::: Data for this exercise :::

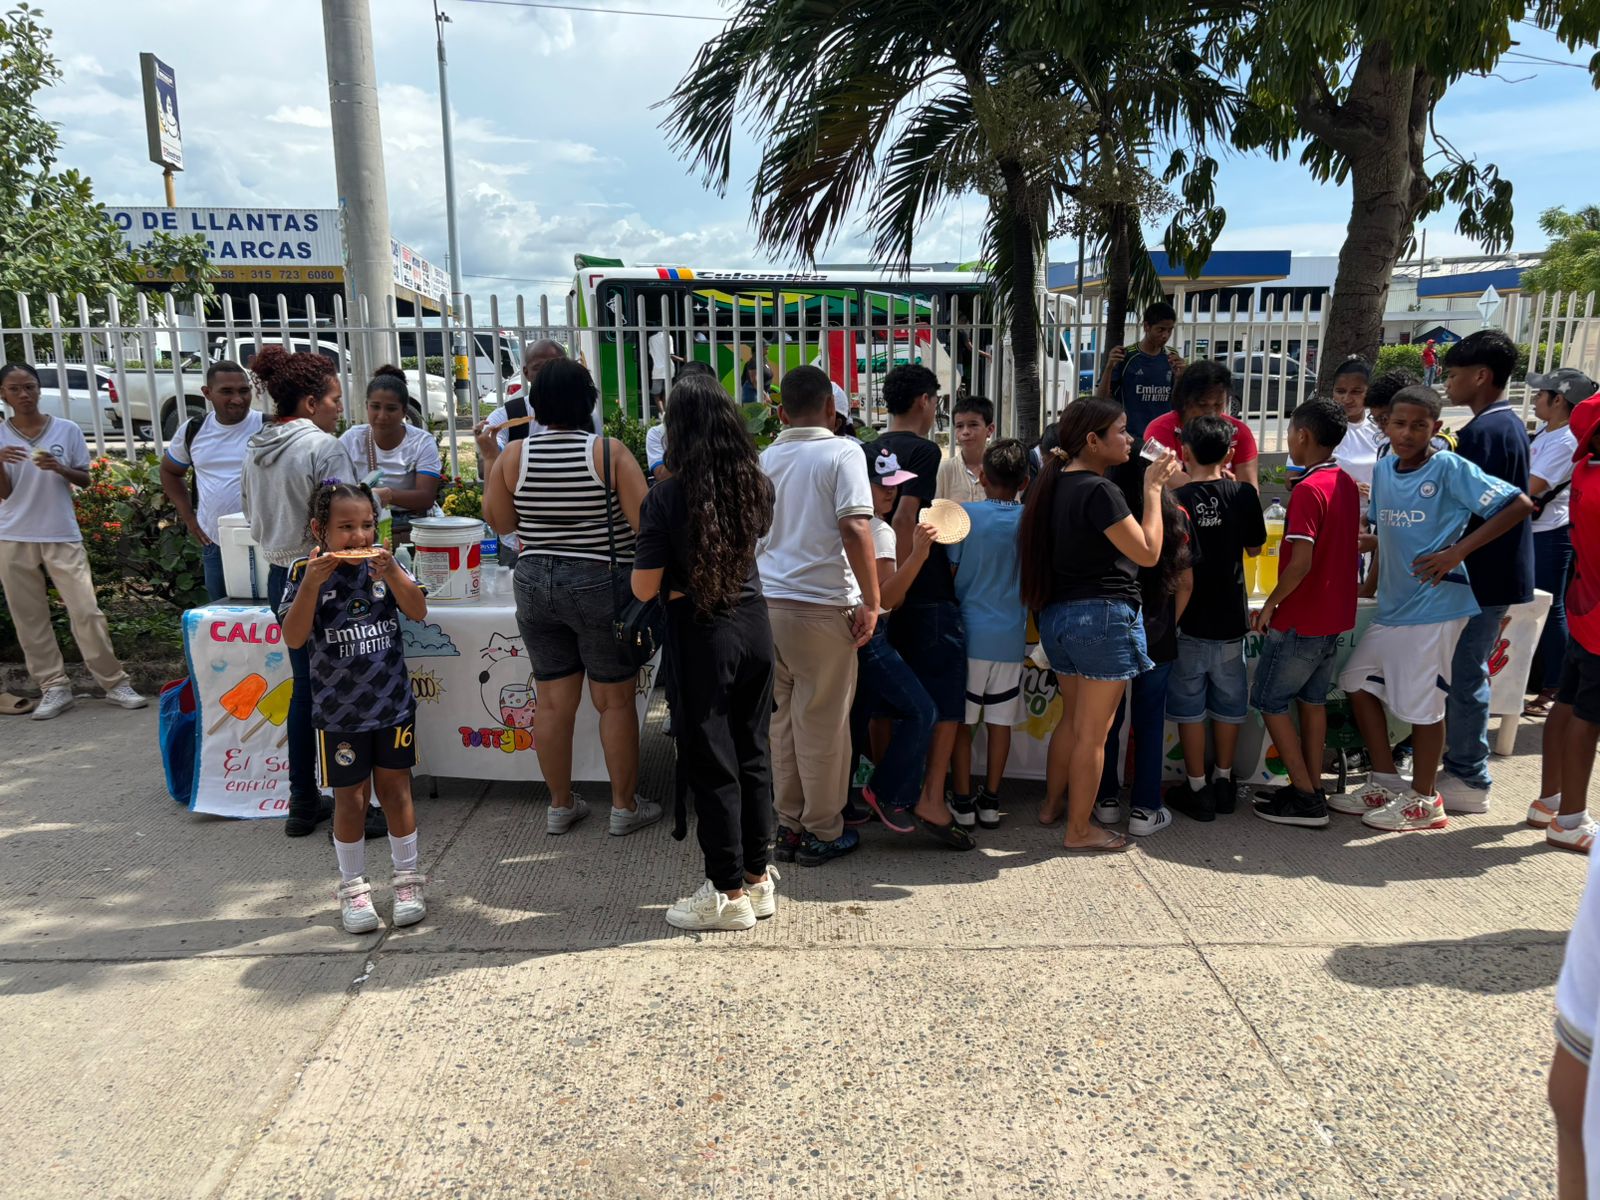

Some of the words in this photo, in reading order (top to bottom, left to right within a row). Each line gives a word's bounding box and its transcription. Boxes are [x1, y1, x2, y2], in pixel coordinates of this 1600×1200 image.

[142, 212, 178, 229] DE
[191, 213, 319, 232] LLANTAS
[251, 270, 272, 279] 315
[279, 270, 299, 280] 723
[307, 270, 335, 280] 6080
[1379, 509, 1426, 522] ETIHAD
[324, 617, 398, 644] Emirates
[339, 644, 357, 658] FLY
[359, 635, 393, 654] BETTER
[393, 723, 414, 749] 16
[223, 748, 251, 778] El
[225, 775, 278, 792] enfria

:::

#### [Work required]
Restate each of the entries above word for word and skip every image.

#### [Task response]
Some of the words in this photo, in reading order (top to bottom, left to right within a row). Each line gives a word's bounding box and its transcription. Boxes are [x1, y1, x2, y2], in pixel coordinates of this 1600×1200 image.

[142, 212, 178, 229] DE
[191, 213, 319, 232] LLANTAS
[251, 270, 272, 279] 315
[279, 270, 299, 280] 723
[307, 270, 335, 280] 6080
[1379, 509, 1426, 522] ETIHAD
[324, 617, 398, 644] Emirates
[339, 644, 357, 658] FLY
[359, 635, 393, 654] BETTER
[393, 723, 414, 749] 16
[223, 748, 251, 778] El
[225, 775, 278, 792] enfria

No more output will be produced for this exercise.